Source records:

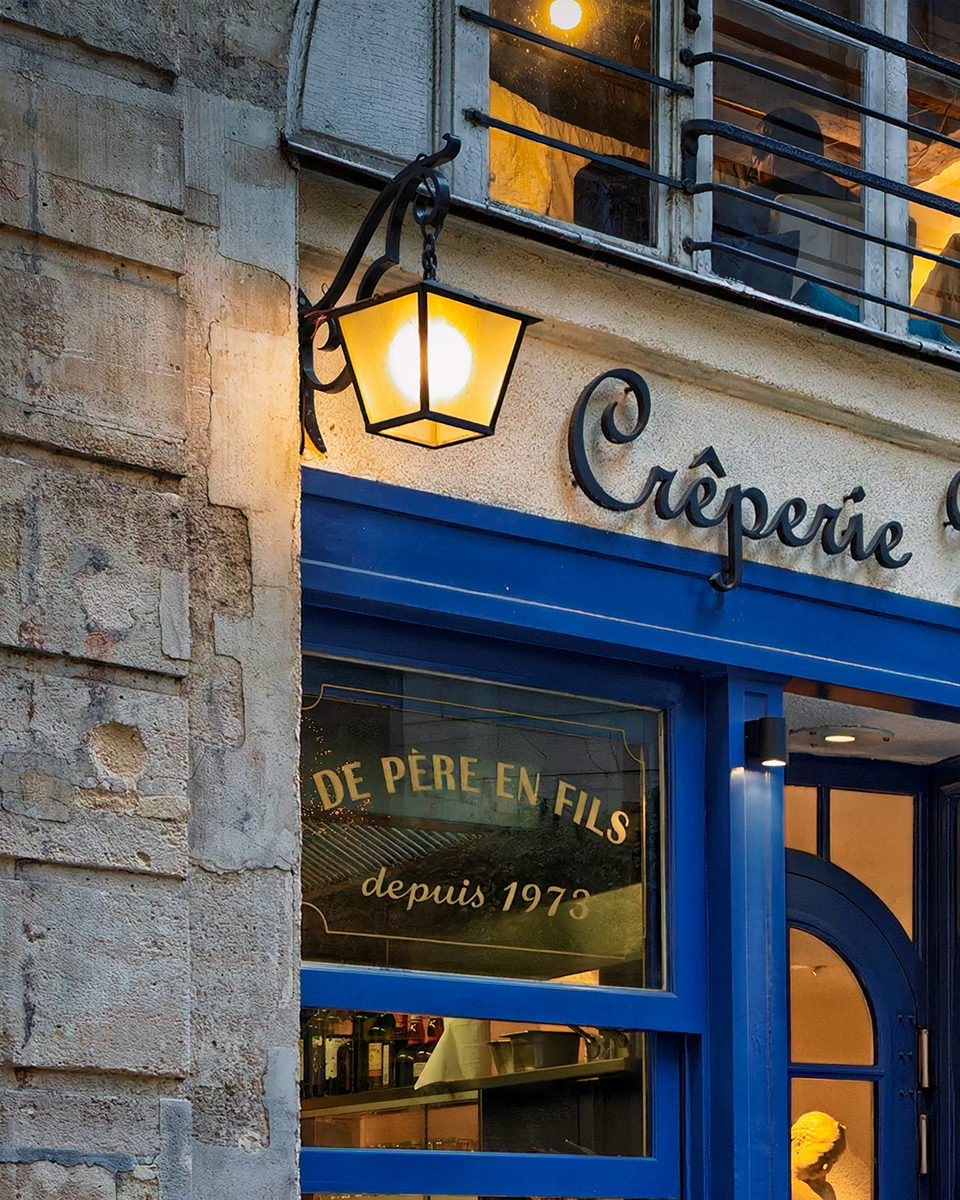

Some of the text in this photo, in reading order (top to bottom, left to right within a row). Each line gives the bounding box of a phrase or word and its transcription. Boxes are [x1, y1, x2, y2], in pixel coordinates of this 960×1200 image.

[567, 368, 912, 593] Crêperie
[312, 748, 630, 845] DE PÈRE EN FILS
[361, 866, 592, 920] depuis 1973
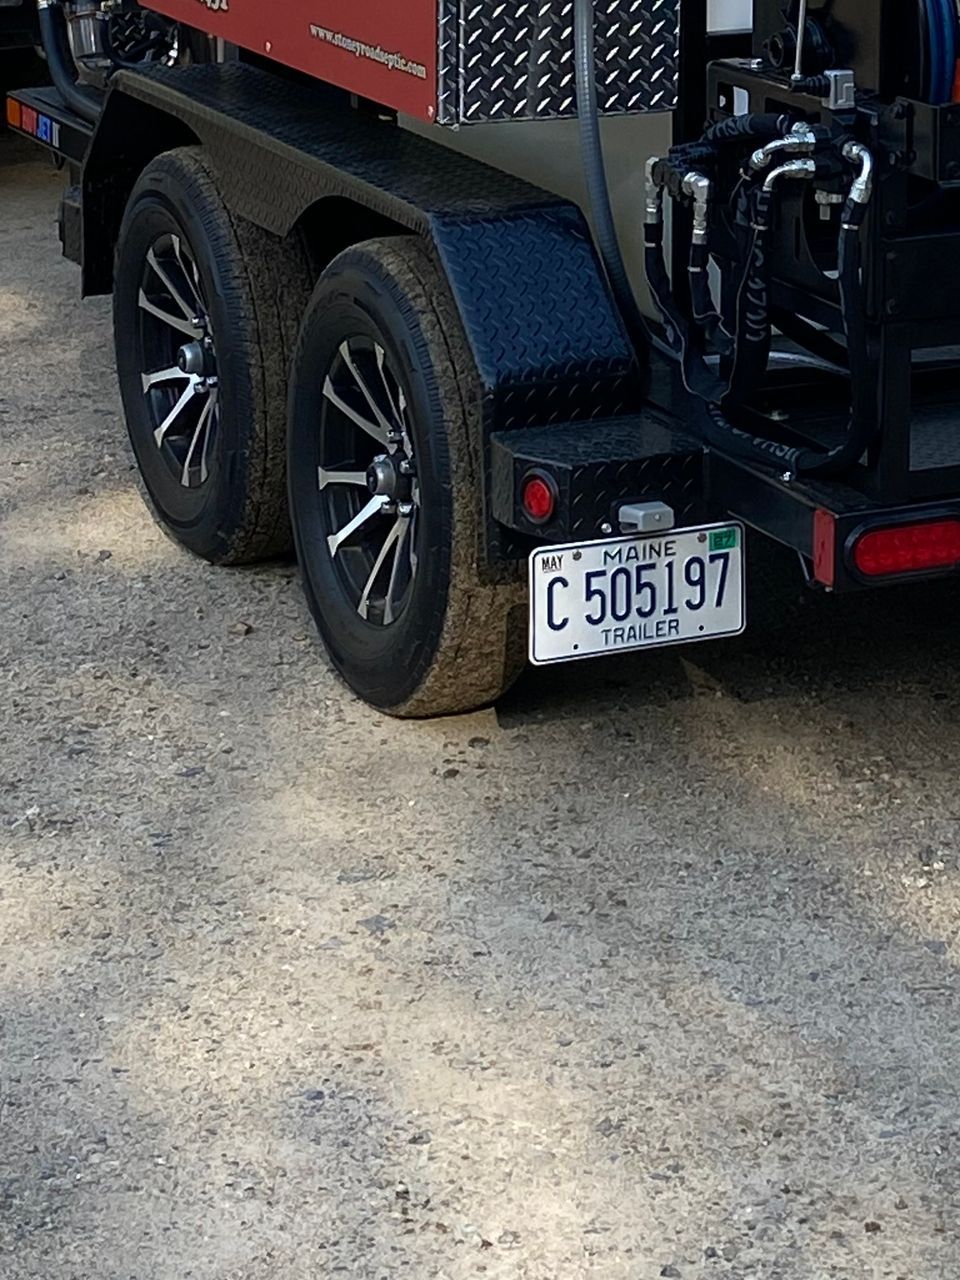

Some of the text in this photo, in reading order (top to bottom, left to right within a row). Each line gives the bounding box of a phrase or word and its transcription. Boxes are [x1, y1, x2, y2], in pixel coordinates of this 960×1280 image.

[310, 24, 426, 79] www.stoneyroadseptic.com
[542, 554, 564, 571] MAY
[603, 540, 677, 565] MAINE
[547, 552, 730, 631] C 505197
[601, 619, 680, 645] TRAILER

Work request. The answer is the full set of records printed exactly, less the pictures.

Result of this task.
Some of the text in this photo, in reading order (top to bottom, left to right within a row). Each line gives the bounding box of a phrase or word and its transcription. Boxes are [x1, y1, x2, y2], in pixel coordinates of this 960×1200 image.

[567, 368, 912, 593] Crêperie
[312, 748, 630, 845] DE PÈRE EN FILS
[361, 866, 592, 920] depuis 1973

Some of the text in this photo, in reading order (top to bottom, left to right within a row). Each line gives the bounding box of a phrase or word and its transcription. Boxes are [x1, y1, x2, y2], in pixel coordinates of this 960×1280 image.

[310, 24, 426, 79] www.stoneyroadseptic.com
[542, 554, 564, 571] MAY
[603, 540, 677, 565] MAINE
[547, 552, 730, 631] C 505197
[601, 619, 680, 645] TRAILER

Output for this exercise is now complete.